Zapisz się do newslettera

Memorial Day - to święto czczące pamięć, przede wszystkim poległych żołnierzy - powiedział w kazaniu w czasie polowej Mszy św. odprawianej na cmentarzu Maryhill w Niles pod Chicago, polonijny biskup Tomasz Paprocki. - Ale jest to święto nie tylko weteranów. Podczas całego weekendu powracaliśmy pamięcią do tych, których wśród nas już nie ma. Taki jest głęboki sens tego święta. Jak wielu z nas Memorial Day traktuje jedynie, jako tzw. „długi weekend”, czyli trzy, a czasem cztery dni wolne od pracy, w czasie których nawet przez chwilę nasze myśli nie kierują się w stronę weteranów i tych, których przy nas już nie ma
Okazuje się, że takie „beztroskie” świętowanie Memorial Day w USA nie jest, i miejmy nadzieję, że nigdy nie będzie, domeną chicagowskiej Polonii (choć i tu zdarzają się wyjątki).
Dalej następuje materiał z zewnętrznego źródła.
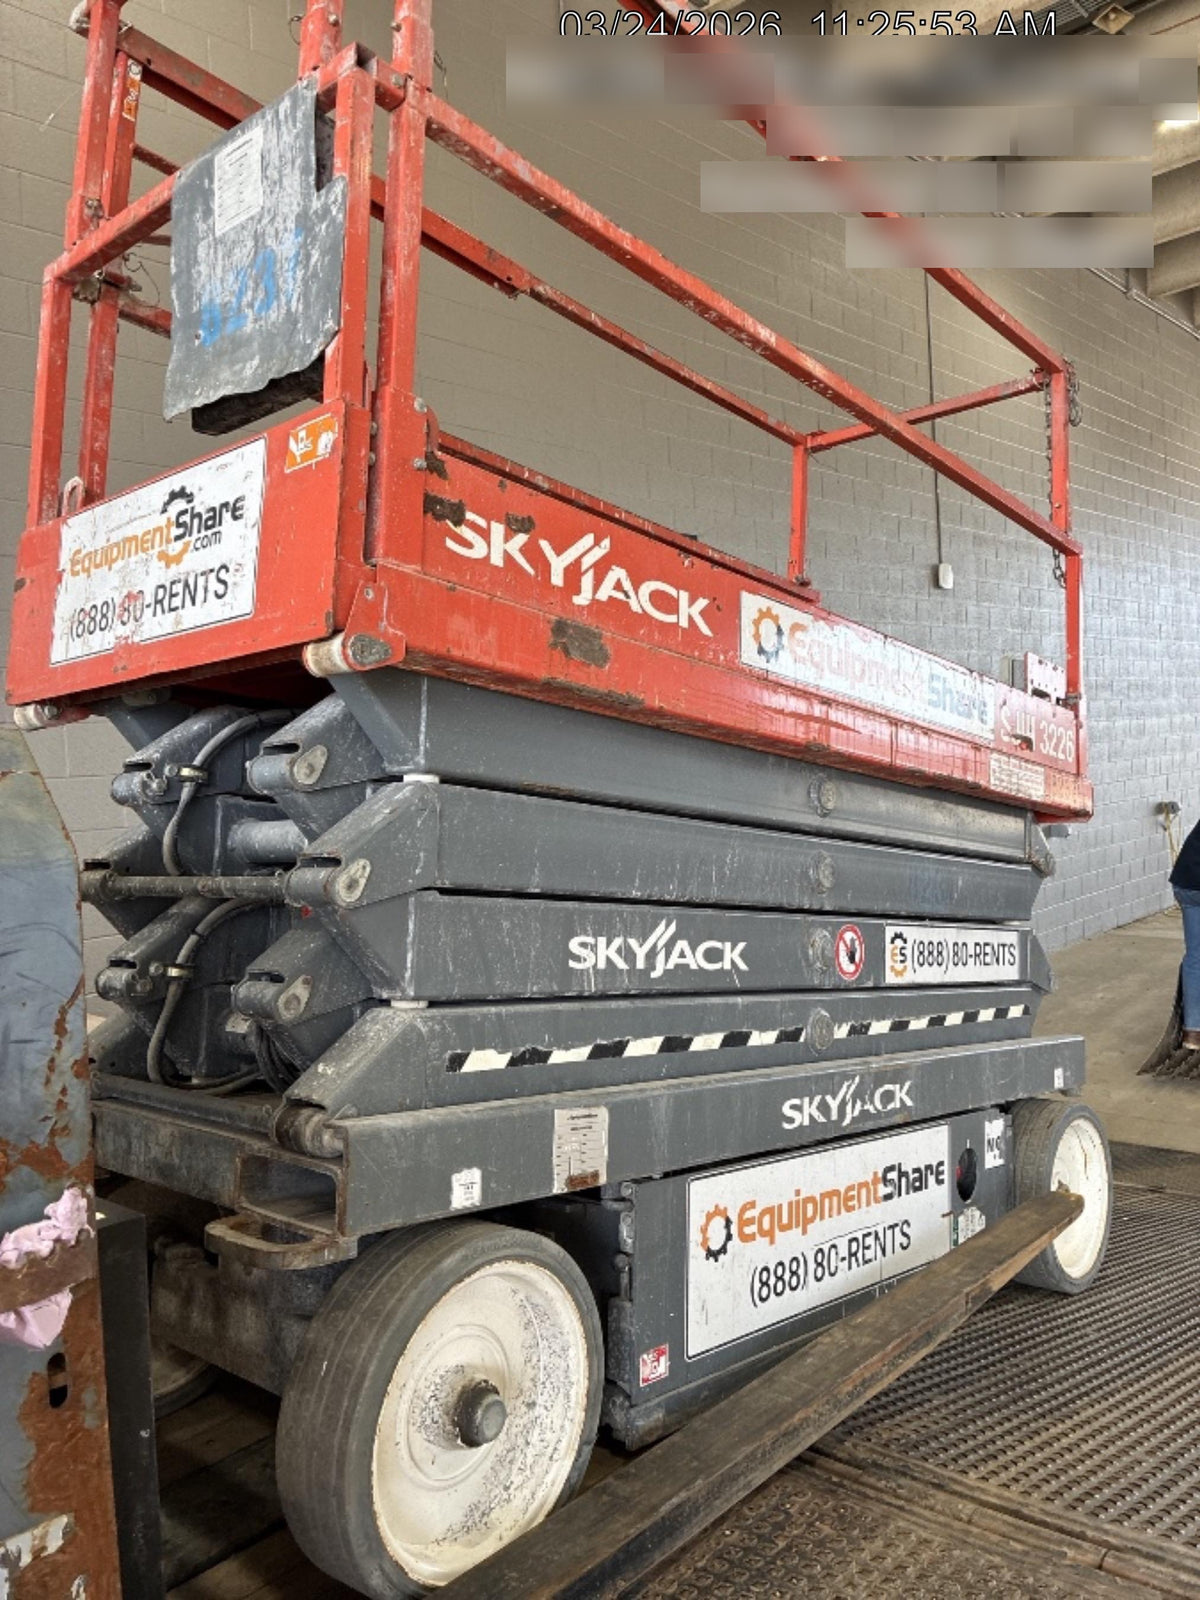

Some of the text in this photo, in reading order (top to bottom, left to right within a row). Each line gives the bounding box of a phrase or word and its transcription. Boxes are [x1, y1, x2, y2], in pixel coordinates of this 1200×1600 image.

Pamięć o poległych żołnierzach, o polskich weteranach oraz o tych wszystkich, dzięki którym możemy cieszyć się wolnością, pielęgnowana jest wciąż w polonijnym środowisku. A to za sprawą żyjących wciąż wśród nas weteranów II wojny światowej, dzięki działaniom polskich harcerzy, dla których zawołanie: - „Bóg, Honor i Ojczyzna” znaczą wiele. Ci harcerze to nasza duma i radość - komentowali weterani obecni na uroczystościach na cmenatrzu Maryhill. - Patrząc na tych młodych ludzi śmiało możemy powiedzieć, że wychowaliśmy w poczuciu znajomości historii kolejne pokolenie Polaków żyjących na emigracji.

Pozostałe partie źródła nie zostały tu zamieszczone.